*What to produce*. Restate word for word every entry that appears below, skipping its pictures.

*Source data*.
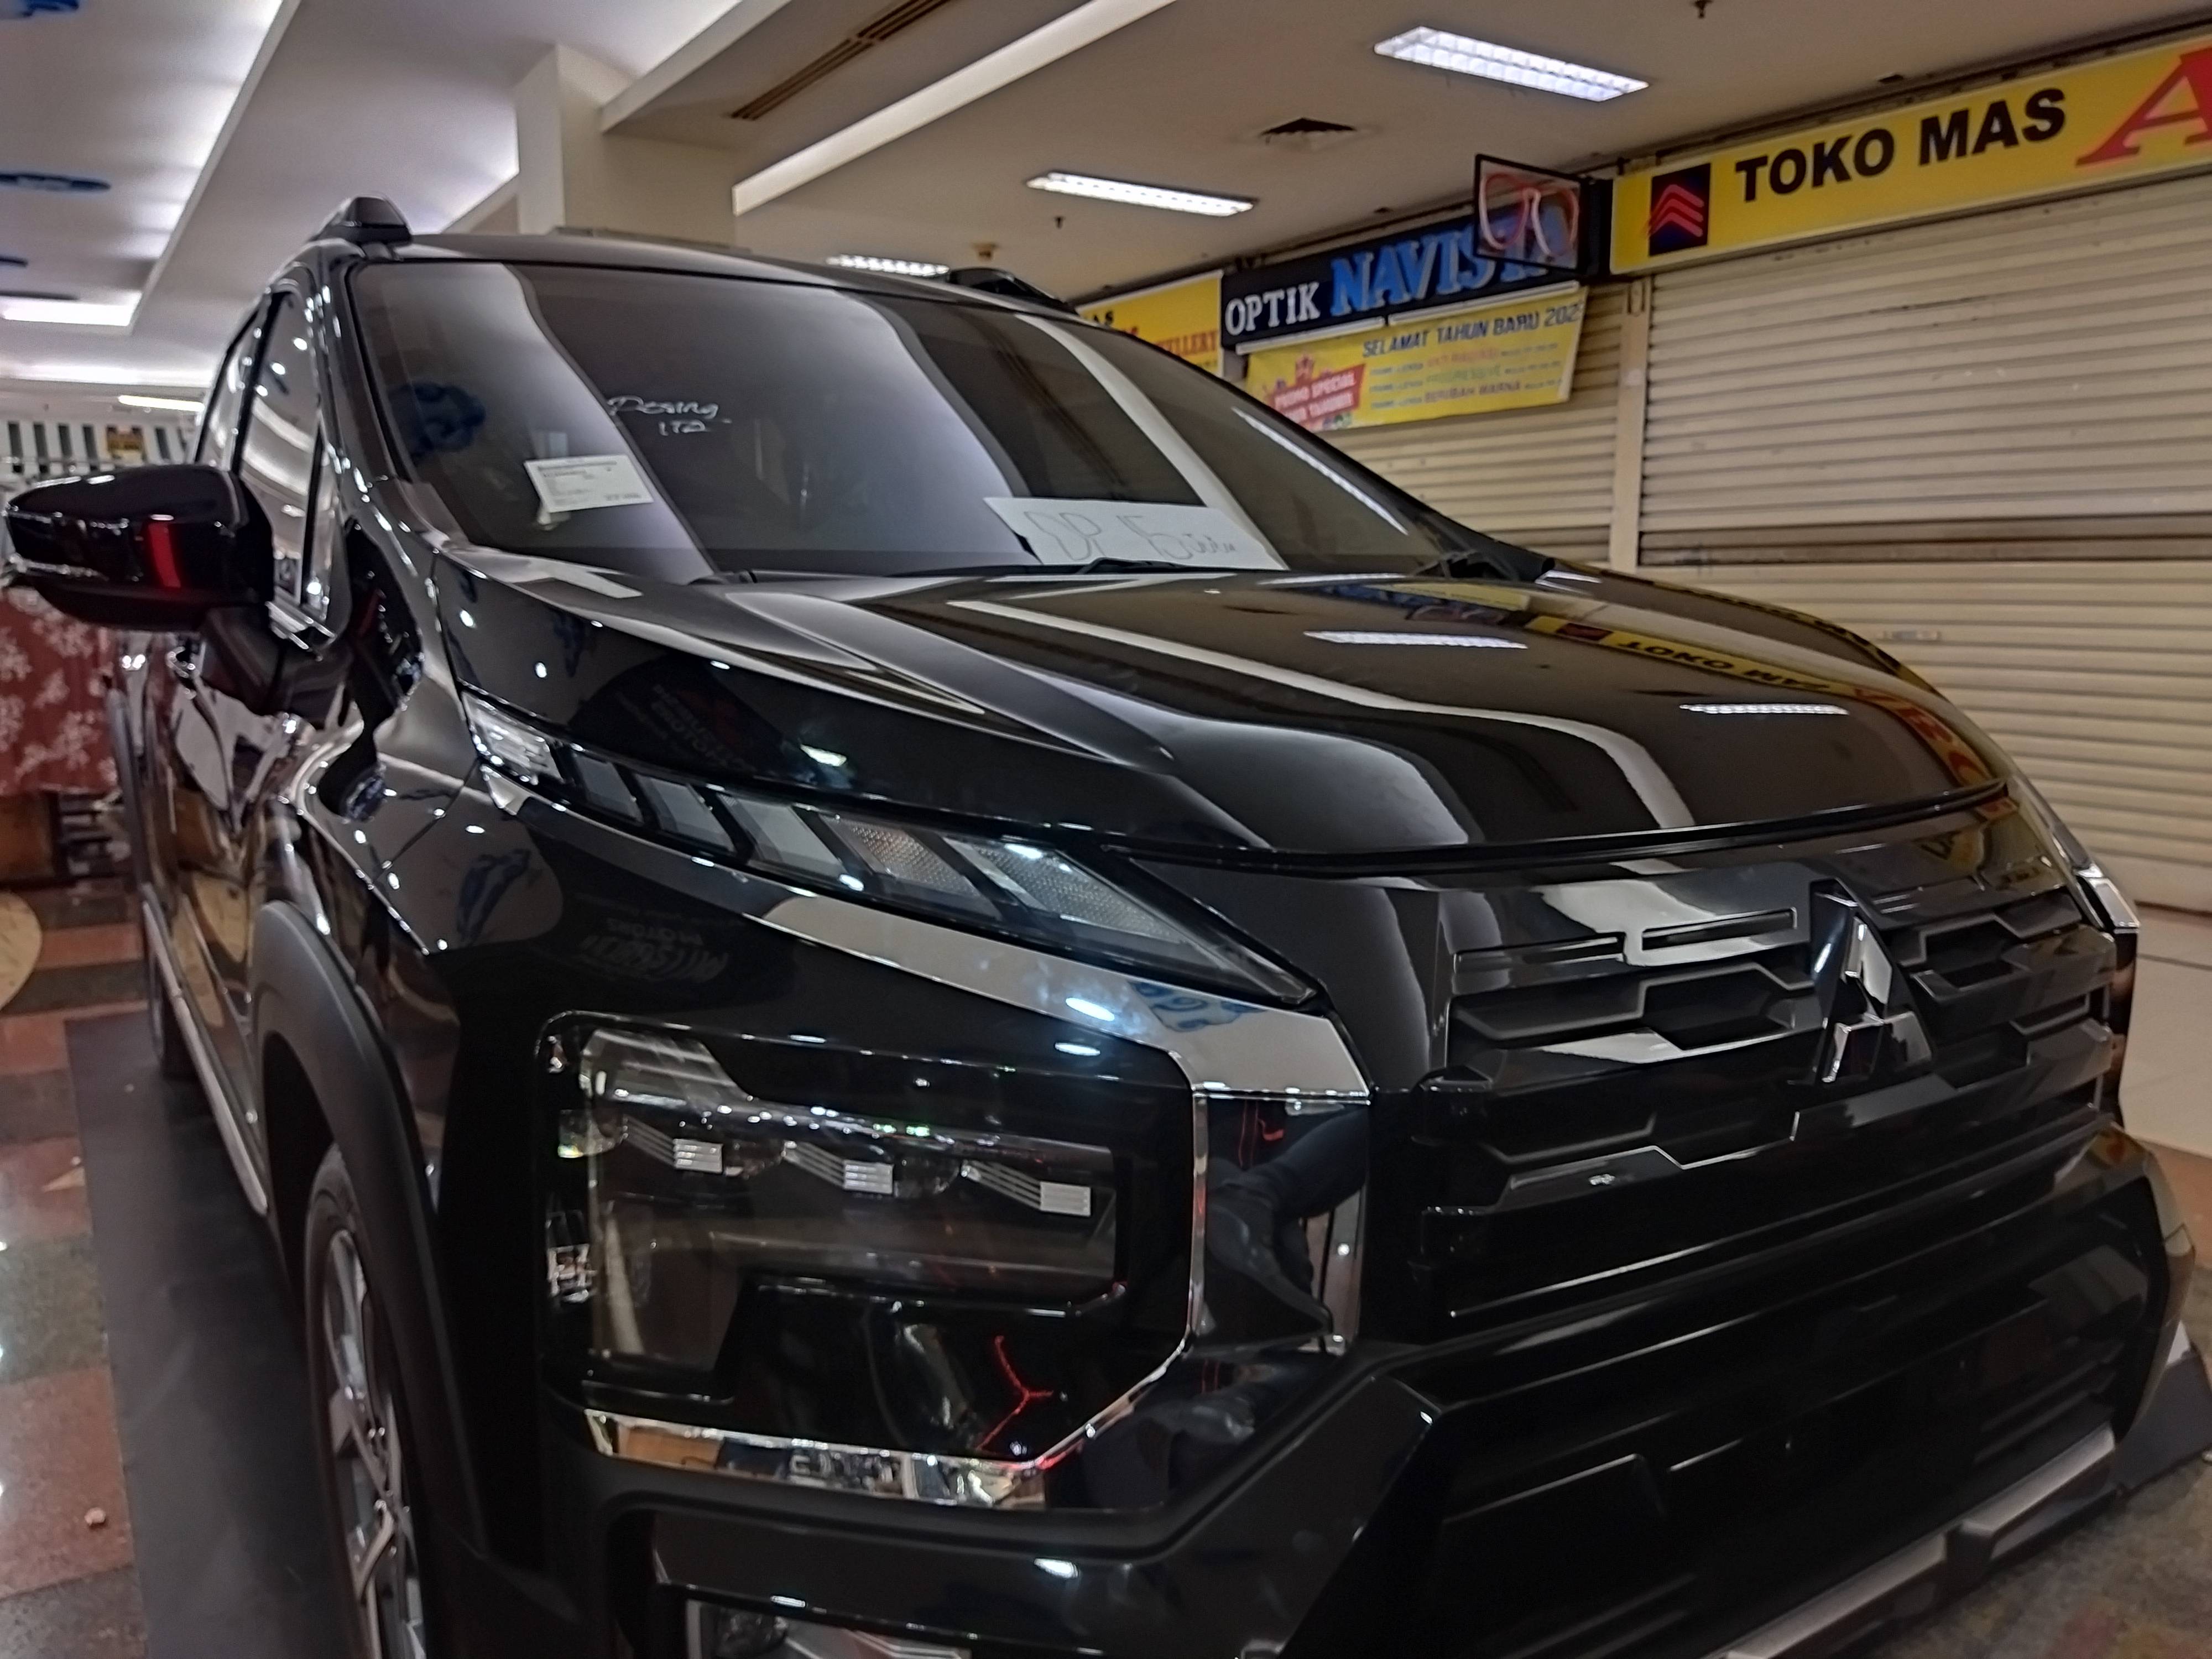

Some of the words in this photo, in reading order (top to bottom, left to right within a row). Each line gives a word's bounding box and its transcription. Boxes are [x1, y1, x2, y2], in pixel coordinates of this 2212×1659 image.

[1736, 128, 1895, 202] TOKO
[1919, 88, 2065, 166] MAS
[2076, 46, 2212, 166] A
[1225, 281, 1321, 336] OPTIK
[1363, 331, 1428, 358] SELAMAT
[1437, 320, 1489, 343] TAHUN
[1493, 311, 1540, 336] BARU
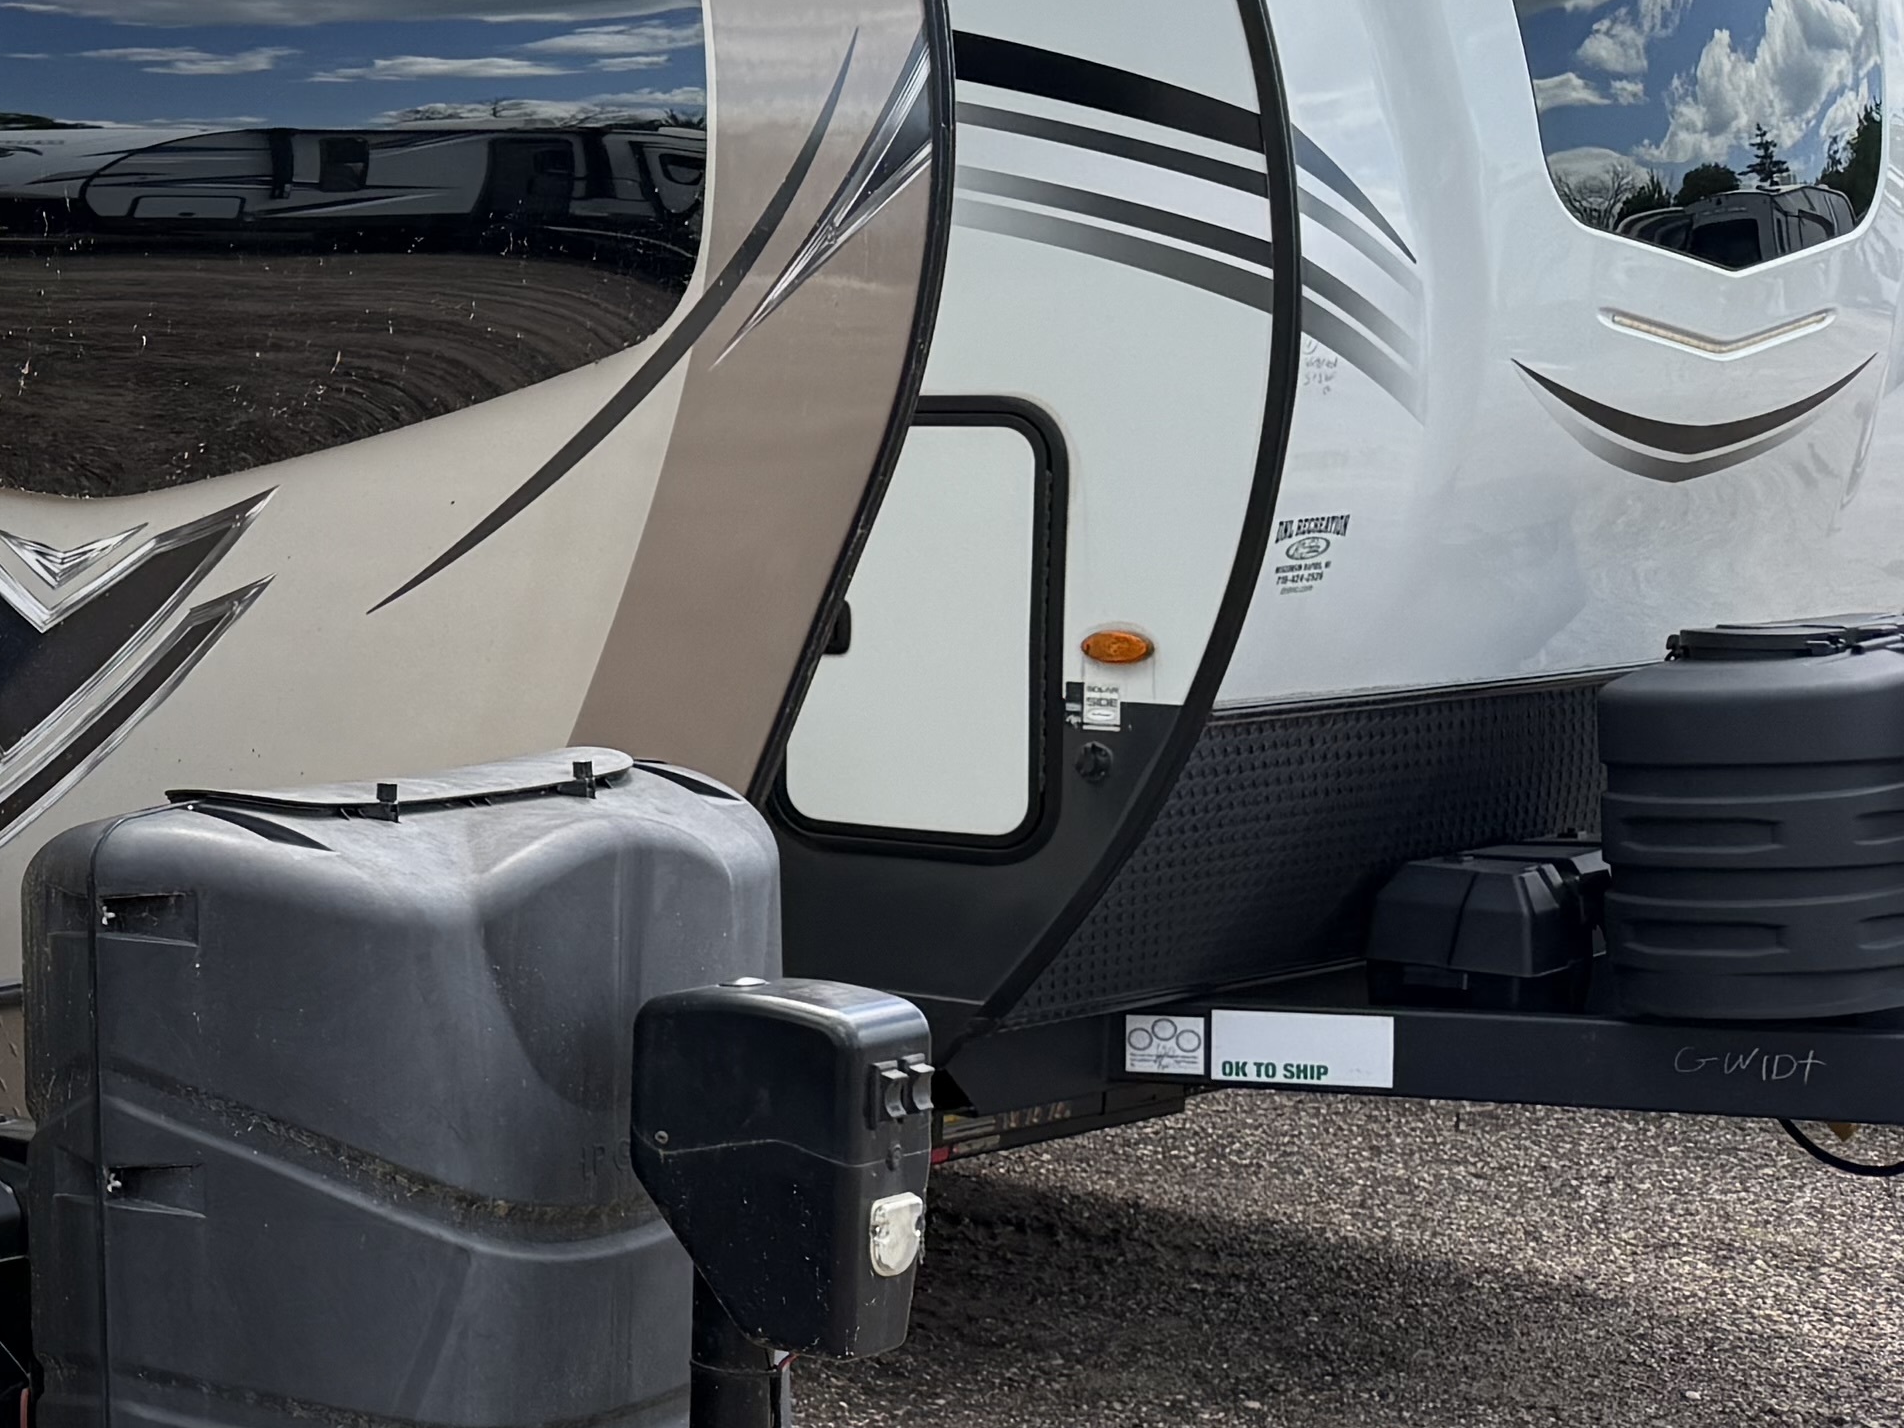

*Exercise answer*.
Some of the words in this photo, in reading order (top to bottom, left to right within a row). Each line gives a word's bounding box and its transcription. Boxes are [x1, y1, x2, y2], in pixel coordinates of this 2212×1659 image.

[1736, 128, 1895, 202] TOKO
[1919, 88, 2065, 166] MAS
[2076, 46, 2212, 166] A
[1225, 281, 1321, 336] OPTIK
[1363, 331, 1428, 358] SELAMAT
[1437, 320, 1489, 343] TAHUN
[1493, 311, 1540, 336] BARU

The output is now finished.